Stranger Things was created by Matt and Ross Duffer, known professionally as The Duffer Brothers. The two had completed writing and producing their 2015 film Hidden, which they had tried to emulate the style of M. Night Shyamalan, however, due to changes at Warner Bros., its distributor, the film did not see a wide release and the Duffers were unsure of their future. To their surprise, television producer Donald De Line approached them, impressed with Hiddens script, and offered them the opportunity to work on episodes of Wayward Pines alongside Shyamalan. The brothers were mentored by Shyamalan during the episode's production so that when they finished, they felt they were ready to produce their own television series.

The Duffer Brothers prepared a script that would essentially be similar to the series' actual pilot episode, along with a 20-page pitch book to help shop the series around for a network. They pitched the story to a number of cable networks, all of which rejected the script on the basis that they felt a plot centered around children as leading characters would not work, asking them to make it a children's show or to drop the children and focus on Hopper's investigation in the paranormal. In early 2015, Dan Cohen, the VP of 21 Laps Entertainment, brought the script to his colleague Shawn Levy.

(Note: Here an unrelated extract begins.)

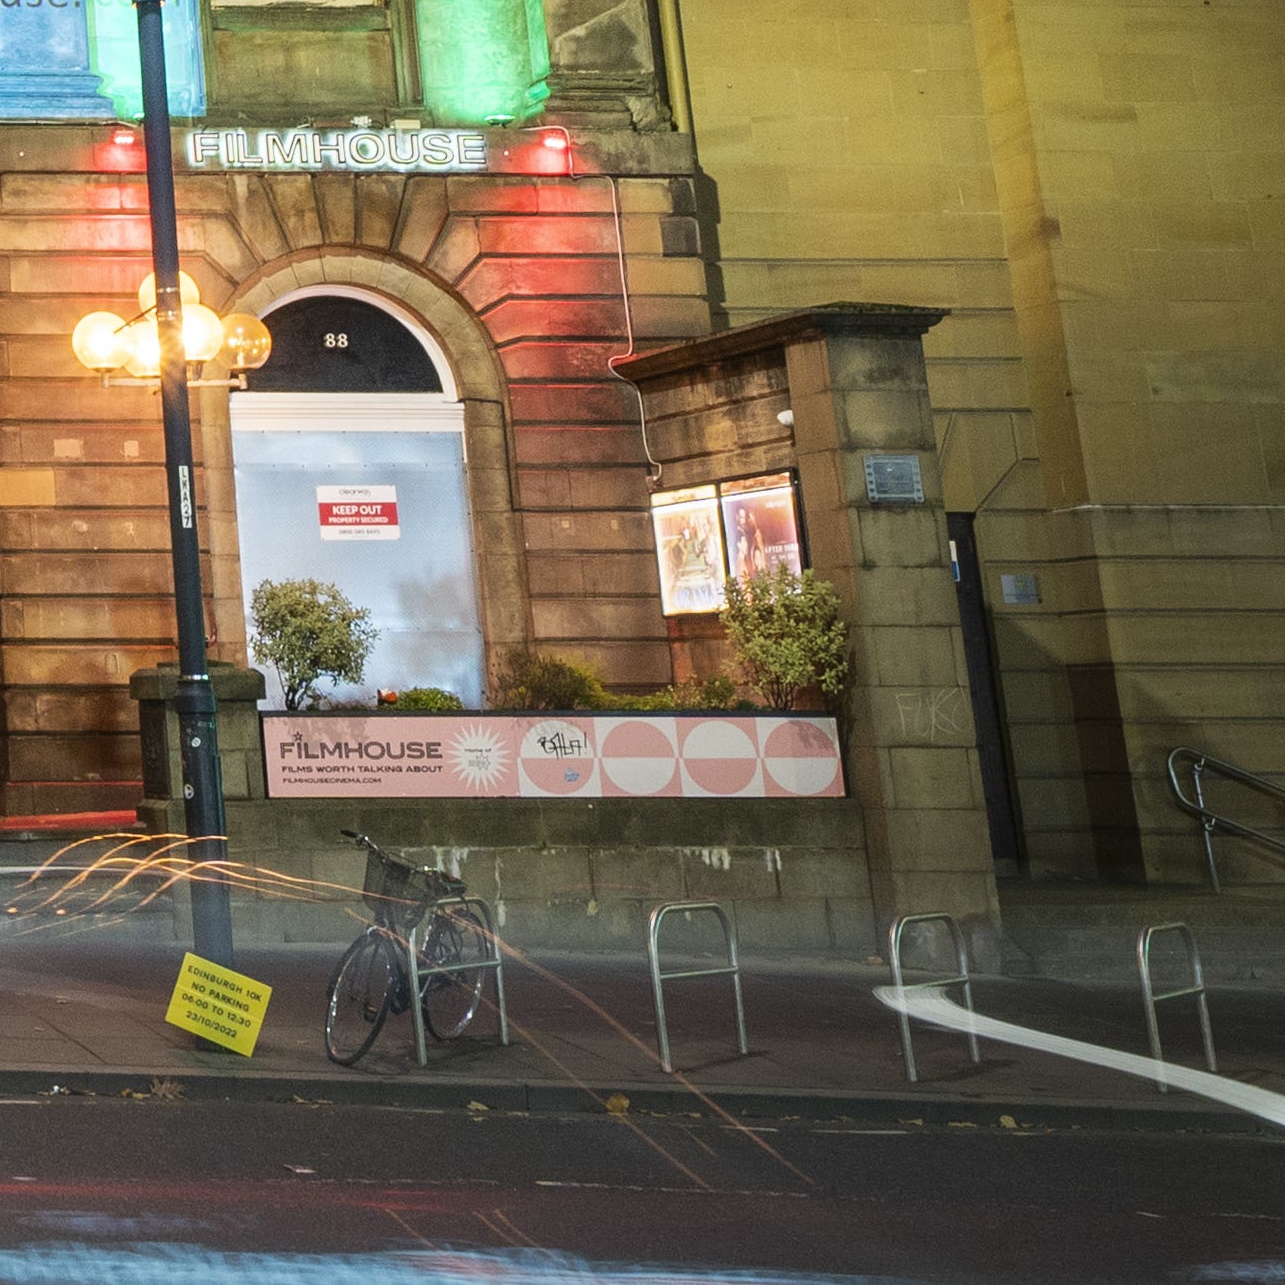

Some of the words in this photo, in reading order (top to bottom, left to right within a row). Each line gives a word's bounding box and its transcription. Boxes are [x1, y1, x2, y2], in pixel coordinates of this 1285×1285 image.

They subsequently invited The Duffer Brothers to their office and purchased the rights for the series, giving full authorship of it to the brothers. After reading the pilot, the streaming service Netflix purchased the whole season for an undisclosed amount; the show was subsequently announced for a planned 2016 release by Netflix in early April 2015. The Duffer Brothers stated that at the time they had pitched to Netflix, the service had already been recognized for its original programming, such as House of Cards and Orange Is the New Black, with well-recognized producers behind them, and were ready to start giving upcoming producers like them a chance. The brothers started to write out the series and brought Levy and Cohen in as executive producers to start casting and filming.

The series was originally known as Montauk, as the setting of the script was in Montauk, New York and nearby Long Beach locations. The brothers had chosen Montauk as it had further Spielberg ties with the film Jaws, where Montauk was used for the fictional setting of Amity Island. After deciding to change the narrative of the series to take place in the fictional town of Hawkins instead, the brothers felt they could now do things to the town, such as placing it under quarantine, that they really could not envision with a real location. With the change in location, they had to come up with a new title for the series under the direction from Netflix's Ted Sarandos so that they could start marketing it to the public. The brothers started by using a copy of Stephen King's Firestarter novel to consider the title's font and appearance and came up with a long list of potential alternatives. Stranger Things came about as it sounded similar to another King novel, Needful Things, though Matt noted they still had a "lot of heated arguments" over this final title.

Writing
The idea of Stranger Things started with how the brothers felt they could take the concept of the 2013 film Prisoners, detailing the moral struggles a father goes through when his daughter is kidnapped, and expand it out over eight or so hours in a serialized television approach. As they focused on the missing child aspect of the story, they wanted to introduce the idea of "childlike sensibilities" they could offer and toyed around with the idea of a monster that could consume humans. The brothers thought the combination of these things "was the best thing ever". To introduce this monster into the narrative, they considered "bizarre experiments we had read about taking place in the Cold War" such as Project MKUltra, which gave a way to ground the monster's existence in science rather than something spiritual. This also helped them to decide on using 1983 as the time period, as it was a year before the film Red Dawn came out, which focused on Cold War paranoia. Subsequently, they were able to use all their own personal inspirations from the 1980s, the decade they were born, as elements of the series, crafting it in the realm of science fiction and horror. The Duffer Brothers have cited as influence for the show (among others): Stephen King novels; films produced by Steven Spielberg, John Carpenter, Wes Craven, Robert Zemeckis, George Lucas and Guillermo del Toro; films such as Alien and Stand by Me; Japanese anime such as Akira and Elfen Lied; and video games such as Silent Hill and The Last of Us.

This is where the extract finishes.